(Problem statement)
Exactly as shown below, retype every line of the data.
───── Data under study
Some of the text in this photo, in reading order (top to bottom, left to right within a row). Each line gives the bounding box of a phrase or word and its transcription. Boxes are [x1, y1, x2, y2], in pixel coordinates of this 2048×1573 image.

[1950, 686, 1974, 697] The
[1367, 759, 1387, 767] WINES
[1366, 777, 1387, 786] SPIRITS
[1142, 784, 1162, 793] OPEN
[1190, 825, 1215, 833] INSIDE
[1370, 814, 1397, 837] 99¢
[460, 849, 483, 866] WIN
──────────
(Expected output)
Some of the text in this photo, in reading order (top to bottom, left to right within a row). Each line gives the bounding box of a phrase or word and its transcription. Boxes are [x1, y1, x2, y2], in pixel coordinates of this 2048×1573 image.

[1950, 686, 1974, 697] The
[1367, 759, 1387, 767] WINES
[1366, 777, 1387, 786] SPIRITS
[1142, 784, 1162, 793] OPEN
[1190, 825, 1215, 833] INSIDE
[1370, 814, 1397, 837] 99¢
[460, 849, 483, 866] WIN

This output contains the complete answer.